▸ **ACTIVITY**
Quote every line of the data below as it stands, omitting pictures.

▸ **DATA PROVIDED**
===============
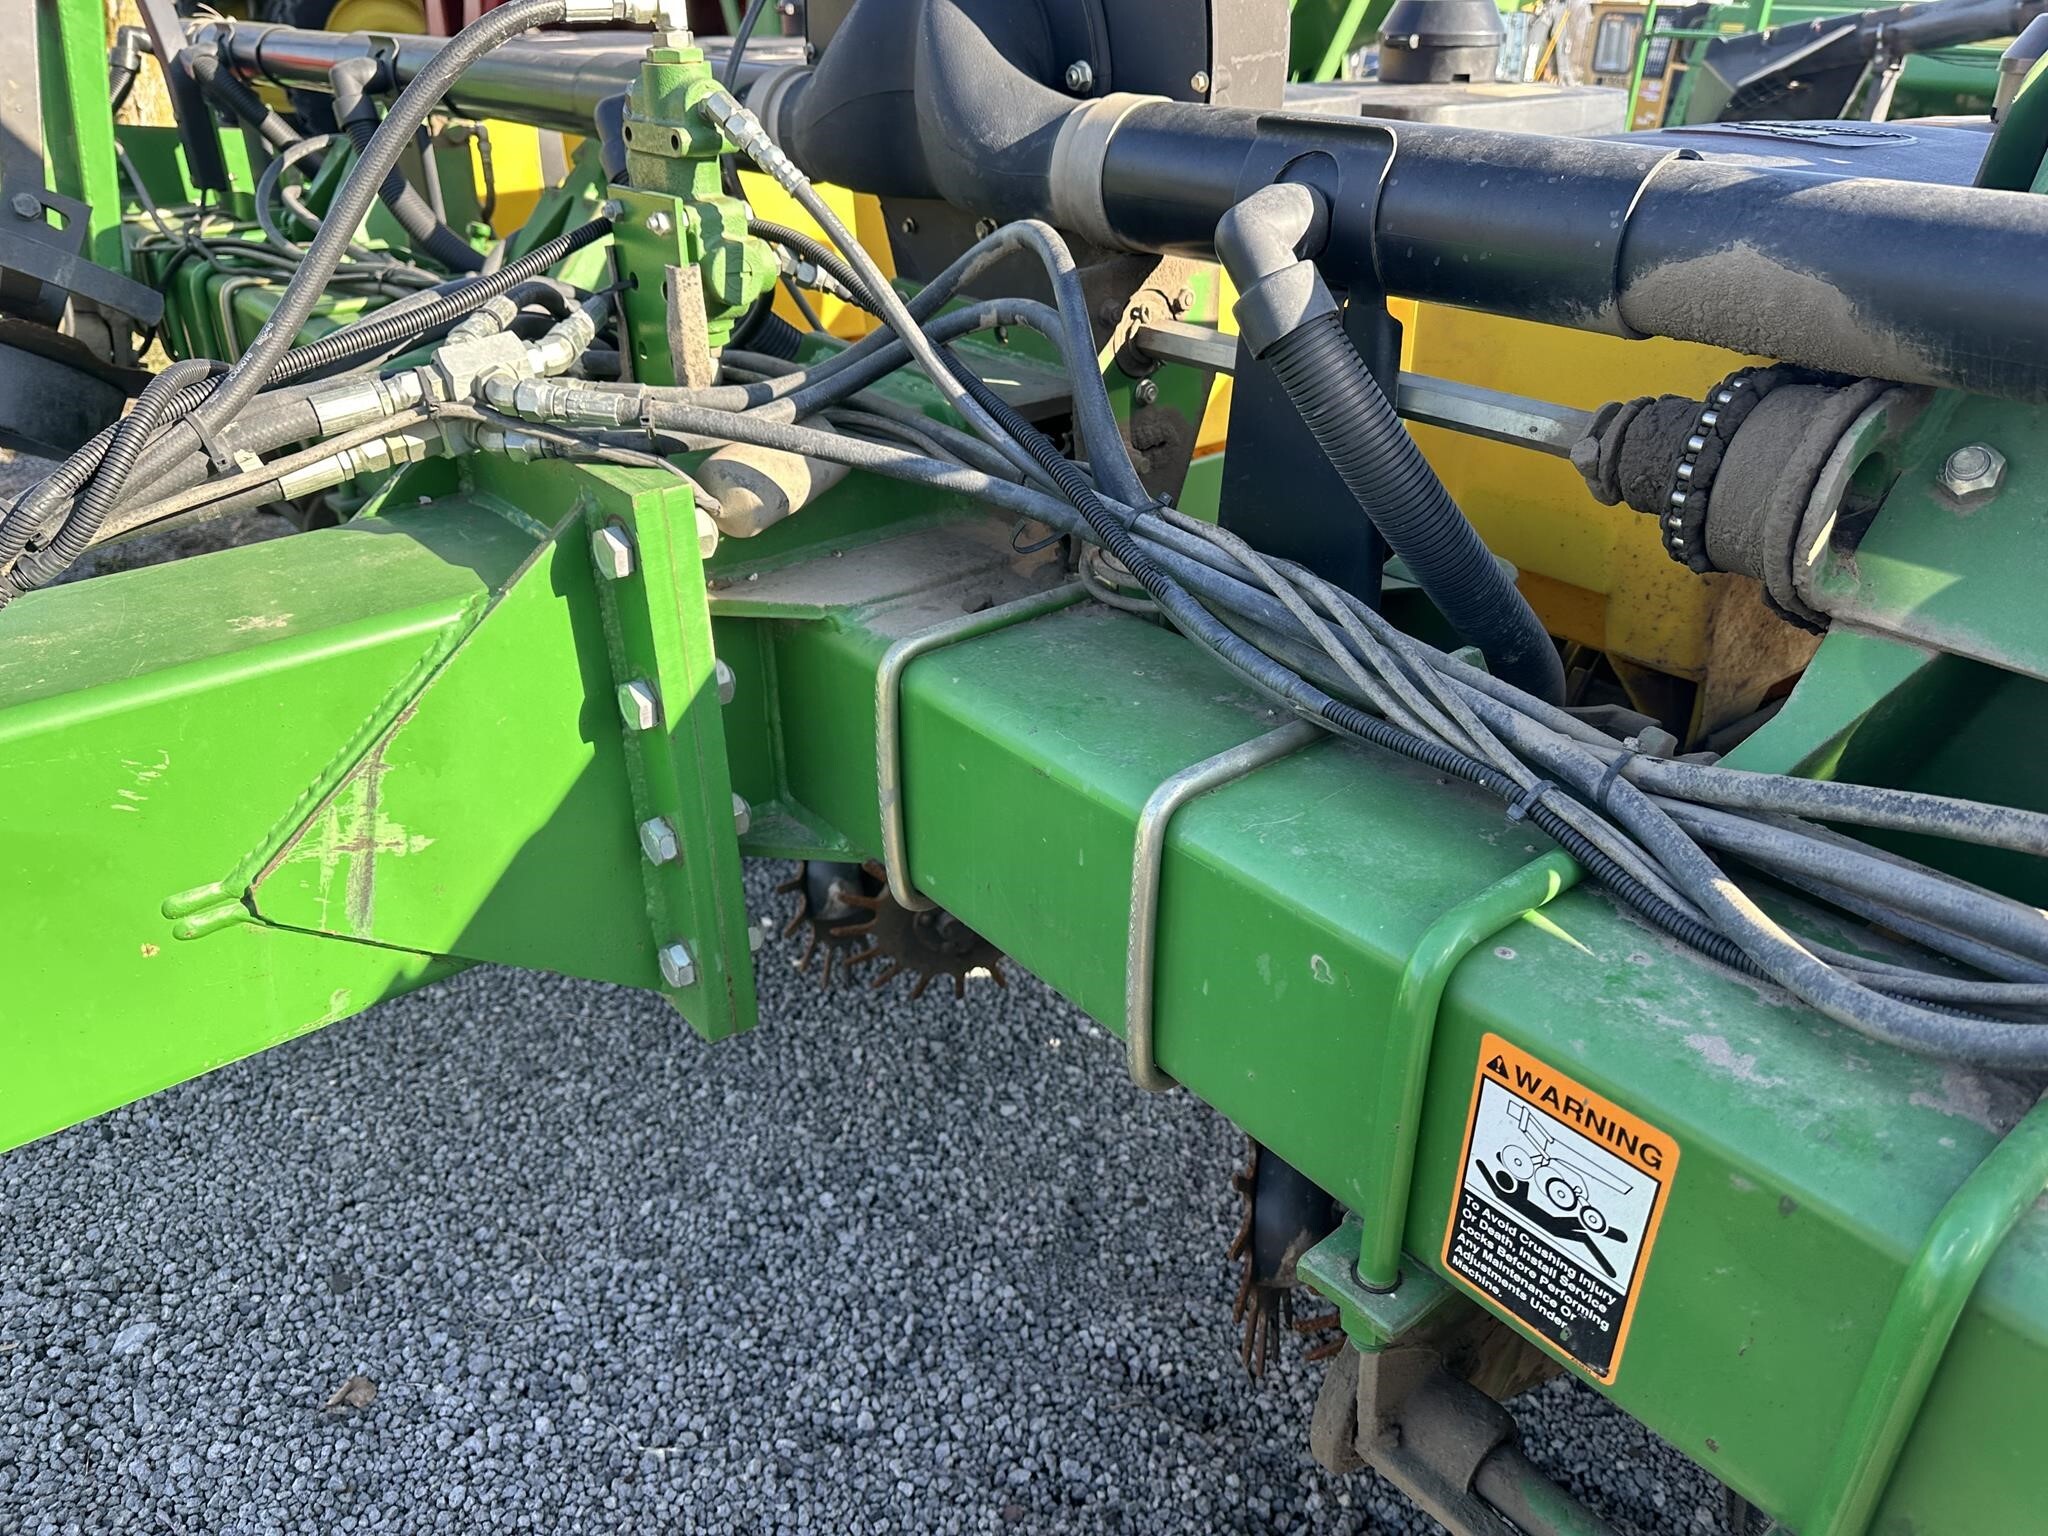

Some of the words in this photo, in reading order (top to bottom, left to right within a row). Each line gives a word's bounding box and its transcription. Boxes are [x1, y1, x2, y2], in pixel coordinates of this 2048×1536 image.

[1515, 1065, 1663, 1171] WARNING
[1452, 1255, 1502, 1298] Machine.
[1454, 1245, 1527, 1301] Adjustments
[1529, 1297, 1568, 1328] Under
[1457, 1233, 1480, 1254] Any
[1482, 1249, 1558, 1308] Maintenance
[1560, 1305, 1577, 1320] Or
[1460, 1220, 1494, 1249] Locks
[1496, 1245, 1537, 1279] Before
[1539, 1275, 1610, 1332] Performing
[1462, 1208, 1477, 1222] Or
[1479, 1219, 1516, 1252] Death,
[1519, 1246, 1557, 1279] Install
[1560, 1275, 1607, 1313] Service
[1465, 1194, 1480, 1211] To
[1481, 1208, 1517, 1237] Avoid
[1519, 1232, 1577, 1280] Crushing
[1579, 1273, 1617, 1305] Injury
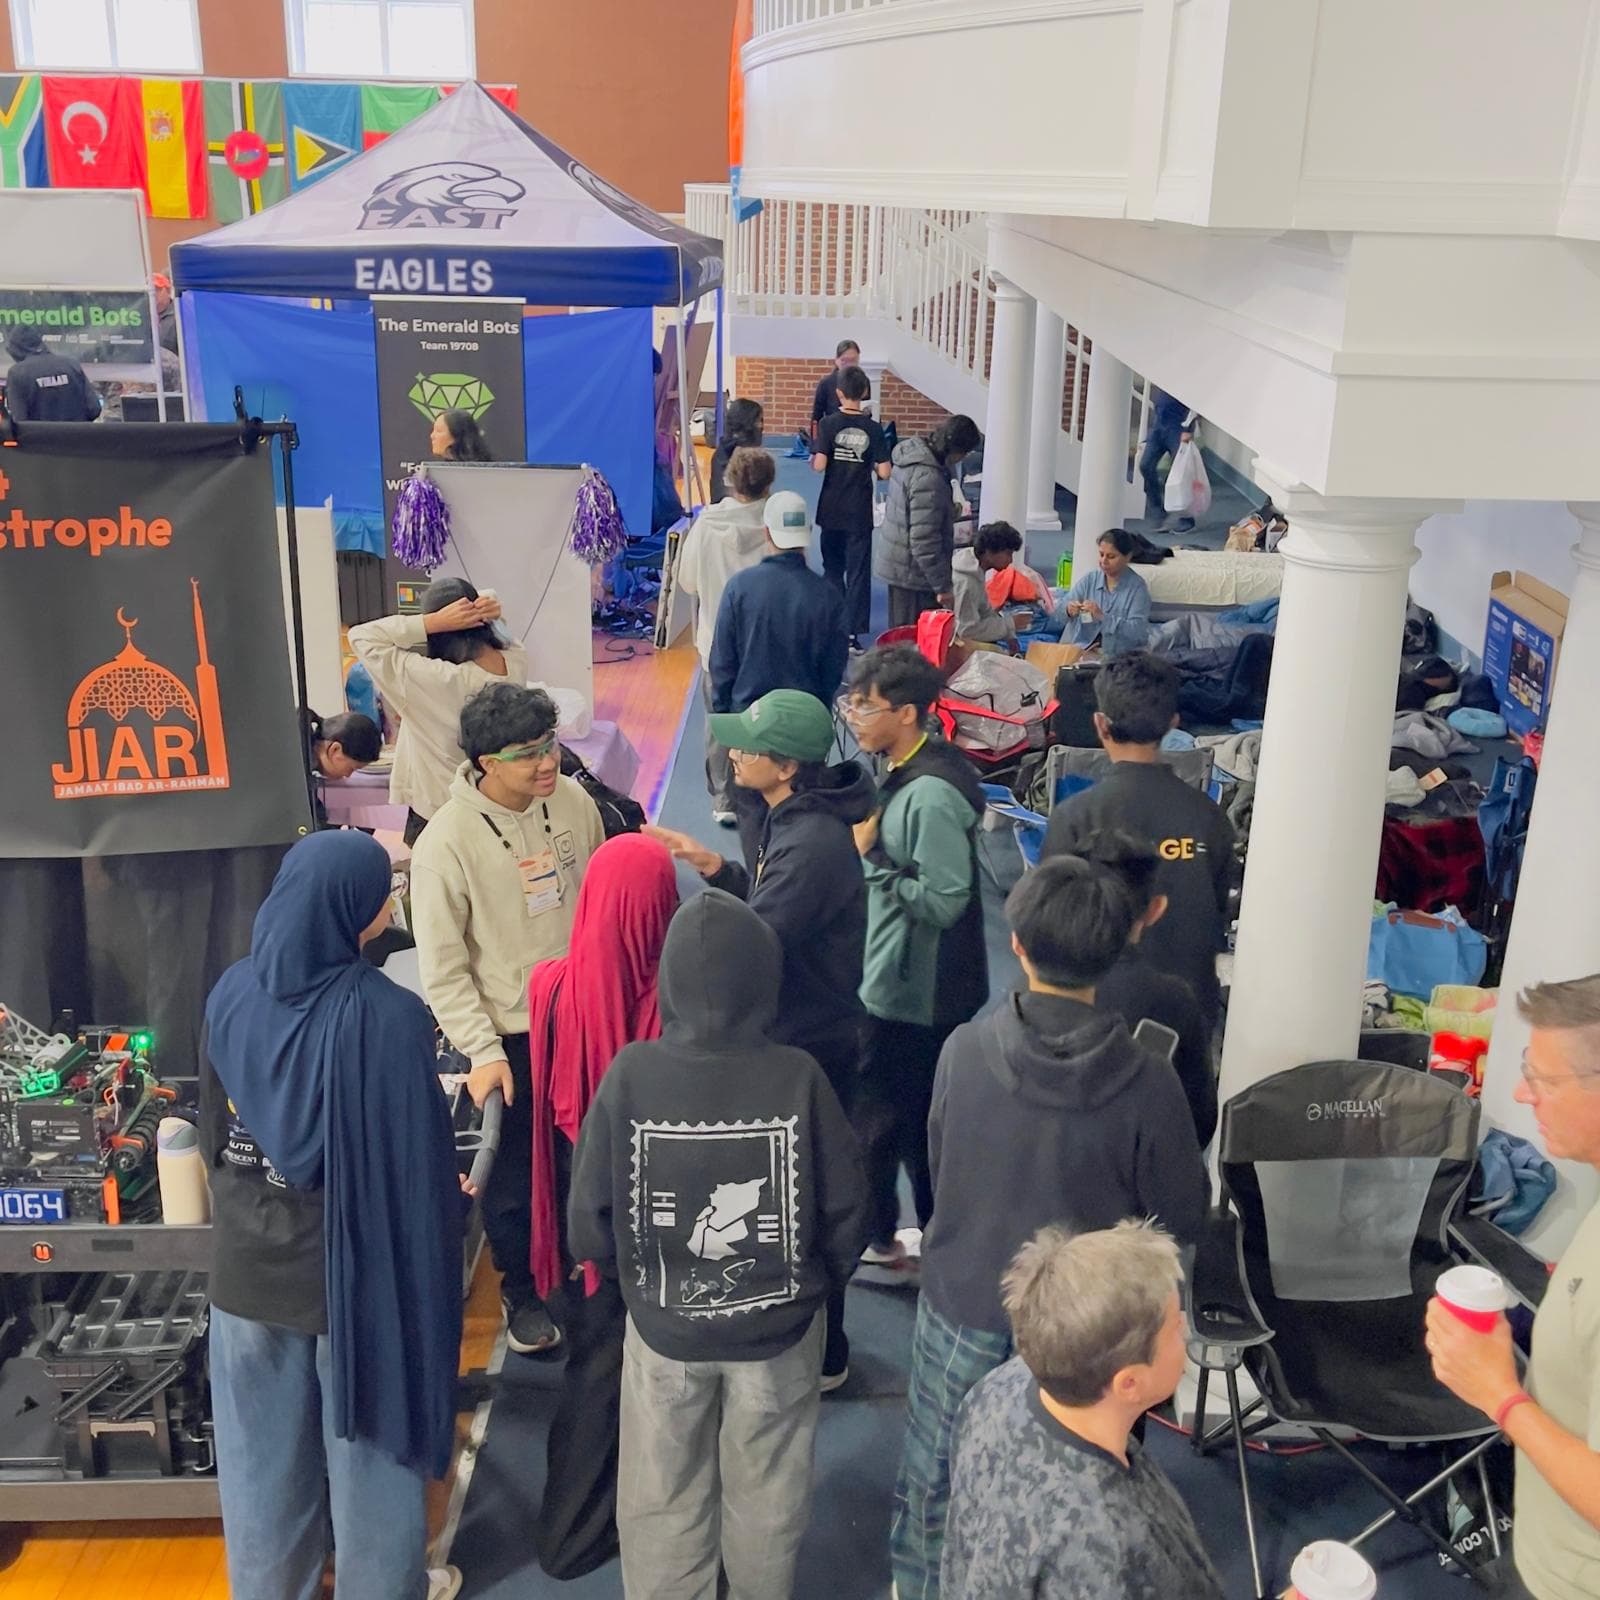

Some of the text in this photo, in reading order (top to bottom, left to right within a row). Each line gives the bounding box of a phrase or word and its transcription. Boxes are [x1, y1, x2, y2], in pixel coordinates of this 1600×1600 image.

[357, 207, 518, 230] EAST
[355, 258, 494, 293] EAGLES
[89, 306, 142, 327] Bots
[378, 318, 520, 334] The Emerald Bots
[420, 341, 448, 351] Team
[52, 726, 198, 784] JIAR
[59, 776, 225, 797] JAMAAT IBAD AR-RAHMAN
[1324, 1100, 1382, 1115] MAGELLAN
===============
▸ **EXERCISE RESPONSE**
Some of the words in this photo, in reading order (top to bottom, left to right within a row). Each line gives a word's bounding box and its transcription. Boxes are [x1, y1, x2, y2], in pixel coordinates of this 2048×1536 image.

[1515, 1065, 1663, 1171] WARNING
[1452, 1255, 1502, 1298] Machine.
[1454, 1245, 1527, 1301] Adjustments
[1529, 1297, 1568, 1328] Under
[1457, 1233, 1480, 1254] Any
[1482, 1249, 1558, 1308] Maintenance
[1560, 1305, 1577, 1320] Or
[1460, 1220, 1494, 1249] Locks
[1496, 1245, 1537, 1279] Before
[1539, 1275, 1610, 1332] Performing
[1462, 1208, 1477, 1222] Or
[1479, 1219, 1516, 1252] Death,
[1519, 1246, 1557, 1279] Install
[1560, 1275, 1607, 1313] Service
[1465, 1194, 1480, 1211] To
[1481, 1208, 1517, 1237] Avoid
[1519, 1232, 1577, 1280] Crushing
[1579, 1273, 1617, 1305] Injury

Some of the text in this photo, in reading order (top to bottom, left to right within a row). Each line gives the bounding box of a phrase or word and its transcription. Boxes are [x1, y1, x2, y2], in pixel coordinates of this 1600×1600 image.

[357, 207, 518, 230] EAST
[355, 258, 494, 293] EAGLES
[89, 306, 142, 327] Bots
[378, 318, 520, 334] The Emerald Bots
[420, 341, 448, 351] Team
[52, 726, 198, 784] JIAR
[59, 776, 225, 797] JAMAAT IBAD AR-RAHMAN
[1324, 1100, 1382, 1115] MAGELLAN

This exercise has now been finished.